## [Your goal]
Could you transcribe each record below exactly as written, setting the pictures aside?

## [Annotated photo localization data]
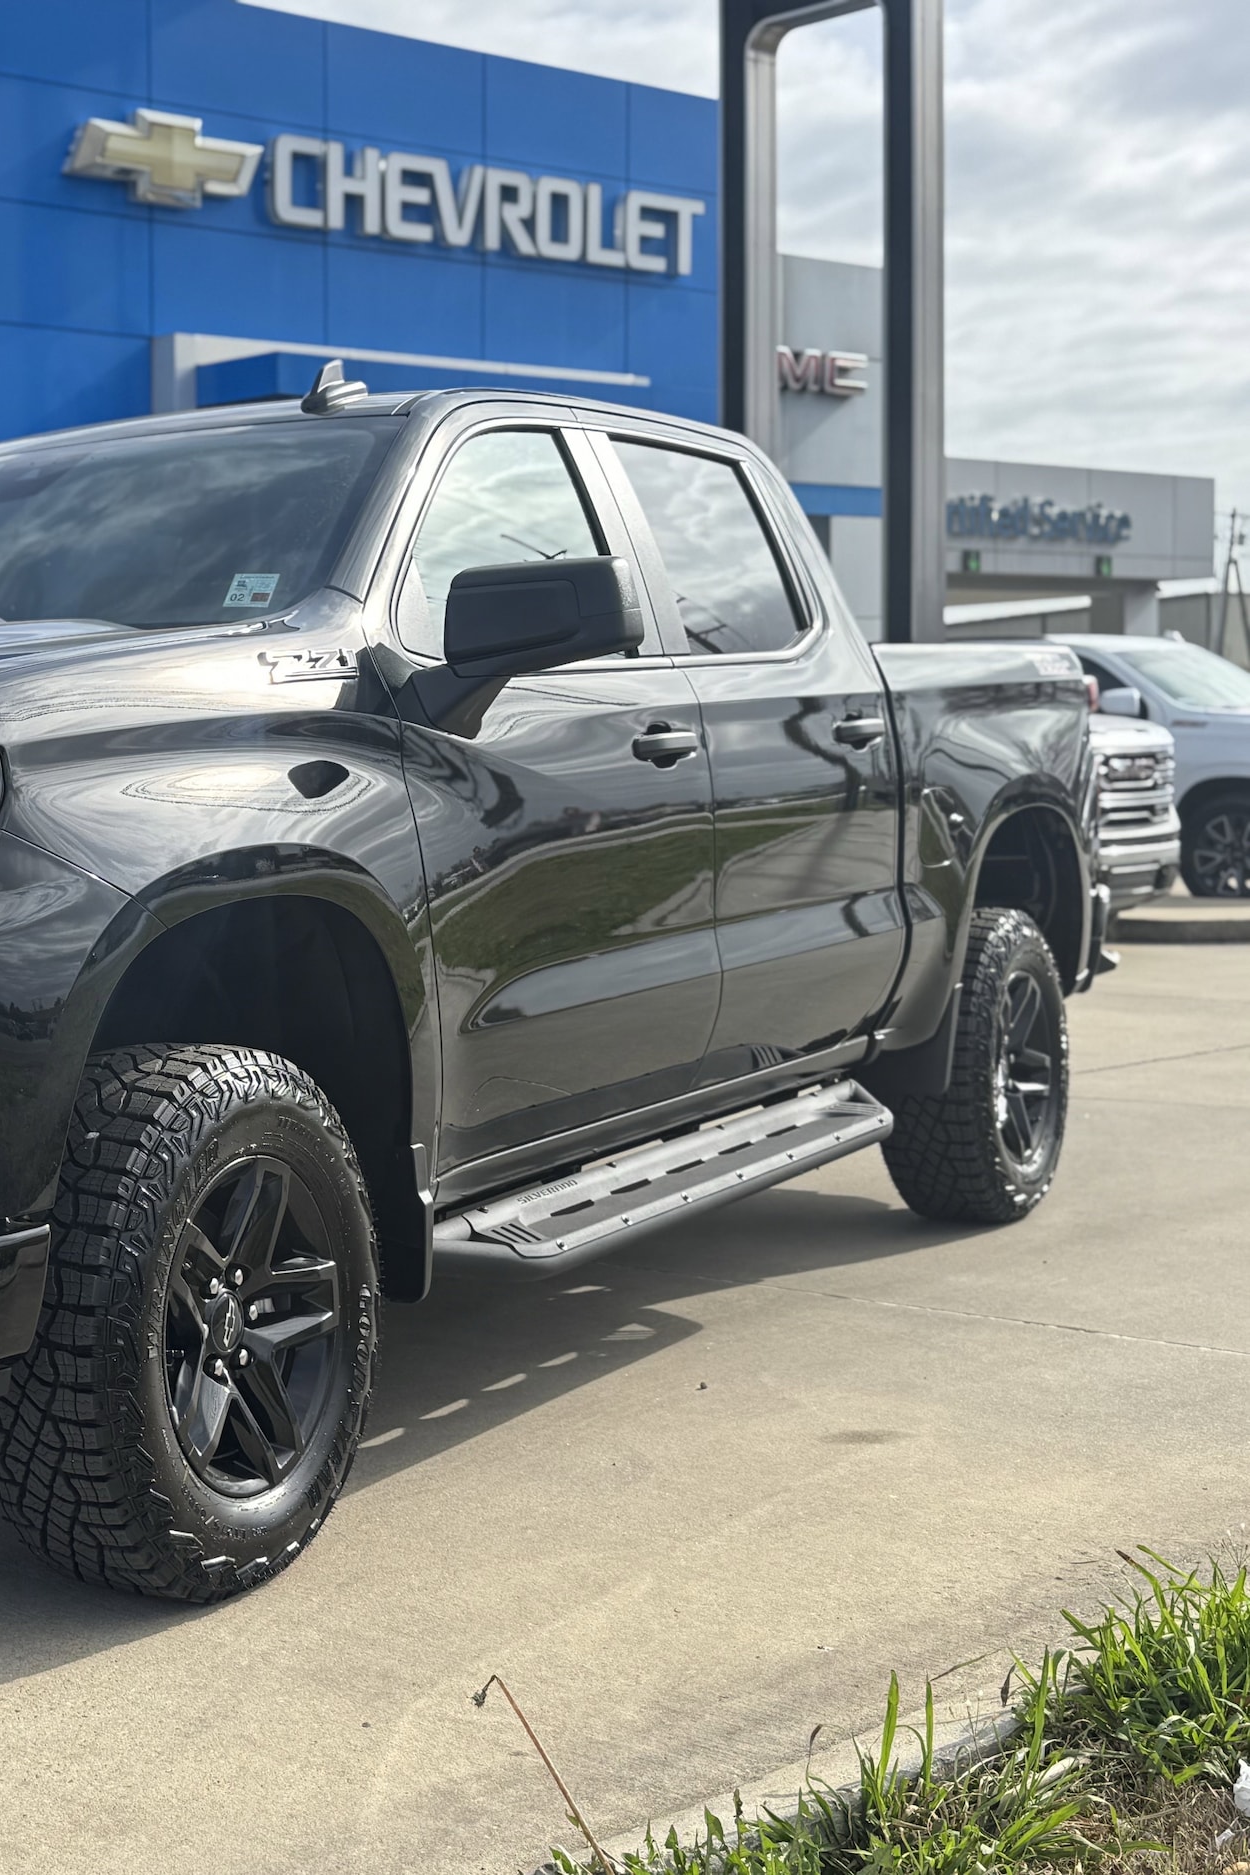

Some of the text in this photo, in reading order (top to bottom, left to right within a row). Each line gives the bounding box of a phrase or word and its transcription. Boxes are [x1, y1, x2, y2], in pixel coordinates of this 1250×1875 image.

[269, 133, 706, 276] CHEVROLET
[776, 345, 868, 397] MC
[516, 1179, 579, 1205] SILVERADO
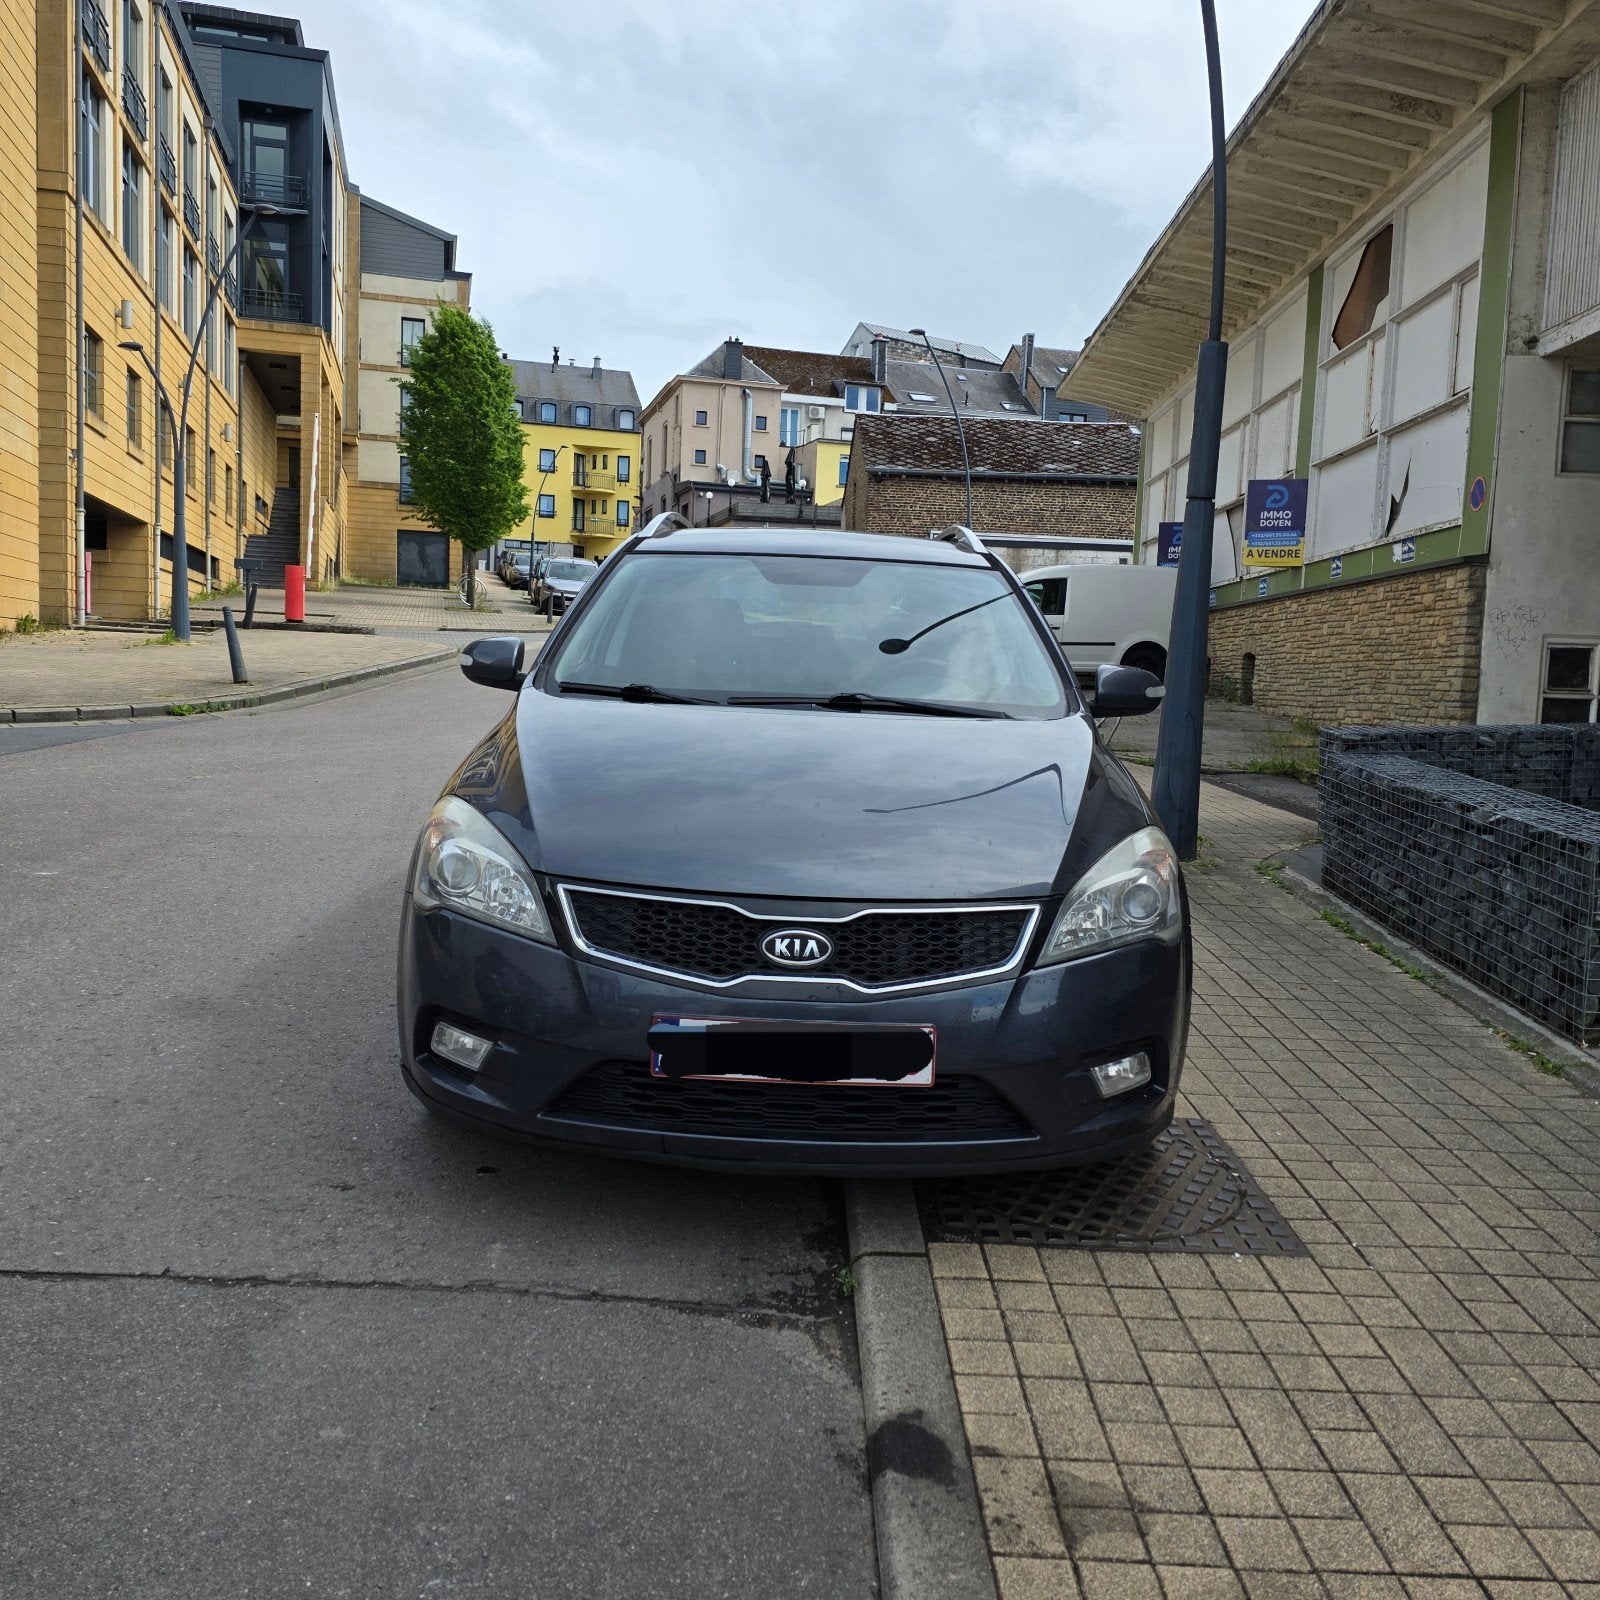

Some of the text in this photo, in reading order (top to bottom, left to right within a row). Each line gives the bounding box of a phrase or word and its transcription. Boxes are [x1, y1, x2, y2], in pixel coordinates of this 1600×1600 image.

[1260, 510, 1292, 519] IMMO
[1260, 519, 1292, 527] DOYEN
[1256, 549, 1301, 558] VENDRE
[774, 938, 820, 958] KIA
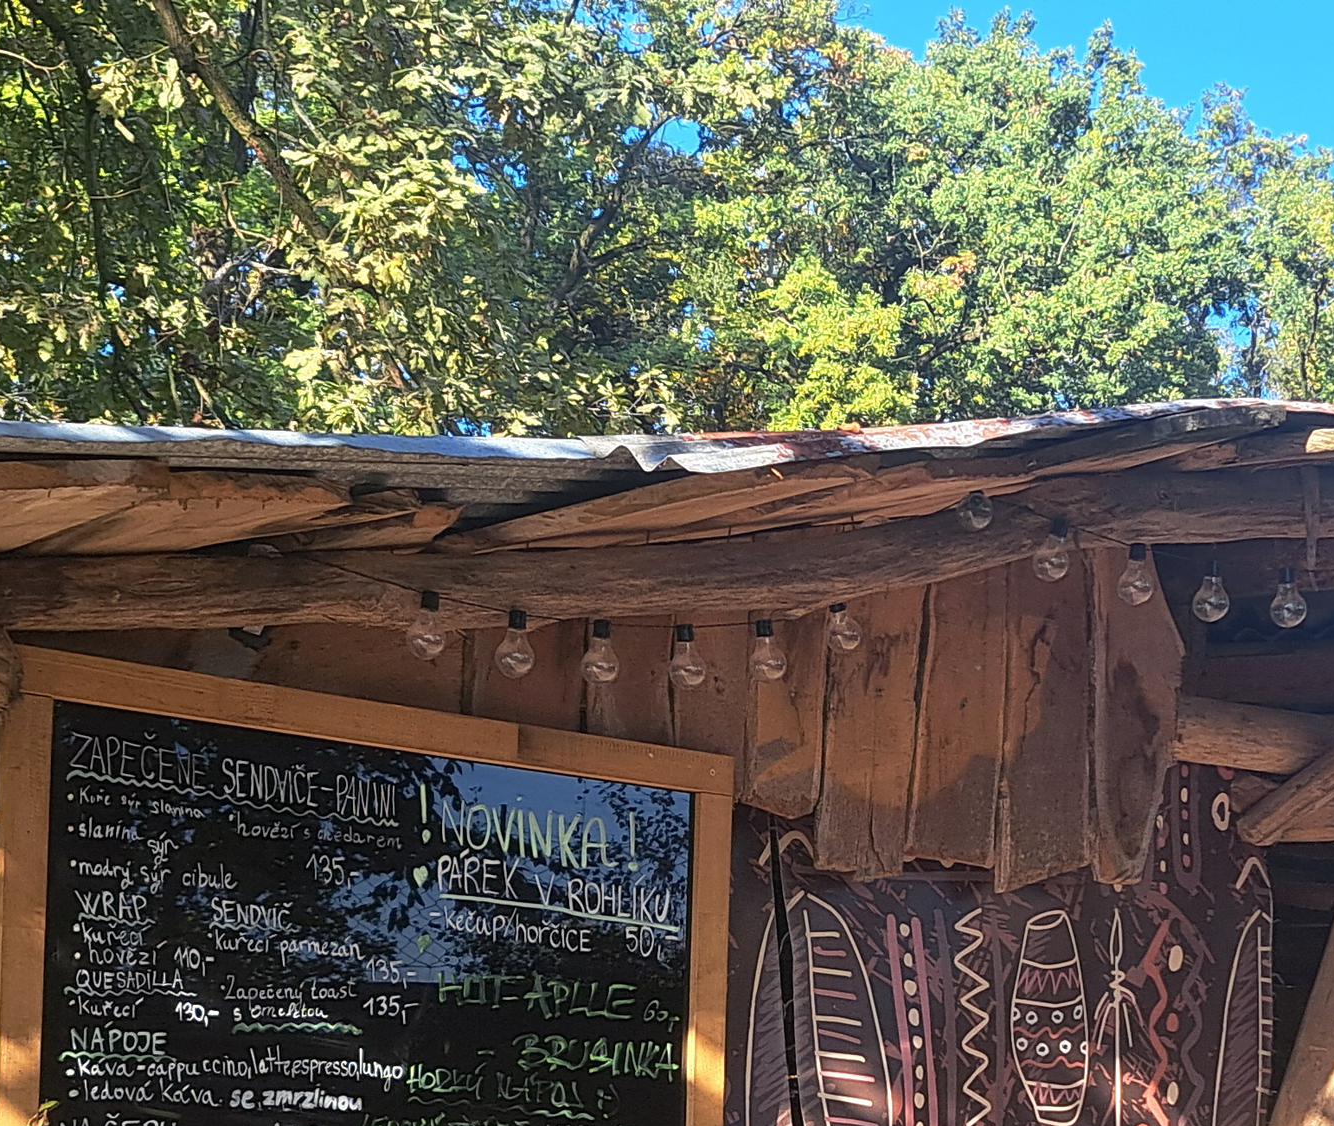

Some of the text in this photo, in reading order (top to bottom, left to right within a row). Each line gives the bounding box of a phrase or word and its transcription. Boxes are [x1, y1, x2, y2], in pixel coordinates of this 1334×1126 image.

[182, 862, 238, 890] cibule
[437, 848, 520, 900] PÁREK
[567, 874, 671, 924] ROHLÍKU
[74, 889, 147, 921] WRAP
[310, 977, 357, 1000] toast
[70, 1020, 168, 1056] NÁPOJE

## [Answer space]
Some of the text in this photo, in reading order (top to bottom, left to right within a row). Each line gives the bounding box of a phrase or word and its transcription. Boxes are [x1, y1, x2, y2], in pixel coordinates of this 1250×1875 image.

[269, 133, 706, 276] CHEVROLET
[776, 345, 868, 397] MC
[516, 1179, 579, 1205] SILVERADO

Some of the text in this photo, in reading order (top to bottom, left to right within a row). Each line gives the bounding box of a phrase or word and its transcription. Boxes are [x1, y1, x2, y2], in pixel coordinates of this 1600×1600 image.

[1260, 510, 1292, 519] IMMO
[1260, 519, 1292, 527] DOYEN
[1256, 549, 1301, 558] VENDRE
[774, 938, 820, 958] KIA

Some of the text in this photo, in reading order (top to bottom, left to right within a row). Each line gives the bounding box of a phrase or word and its transcription. Boxes are [x1, y1, x2, y2], in pixel coordinates of this 1334×1126 image.

[182, 862, 238, 890] cibule
[437, 848, 520, 900] PÁREK
[567, 874, 671, 924] ROHLÍKU
[74, 889, 147, 921] WRAP
[310, 977, 357, 1000] toast
[70, 1020, 168, 1056] NÁPOJE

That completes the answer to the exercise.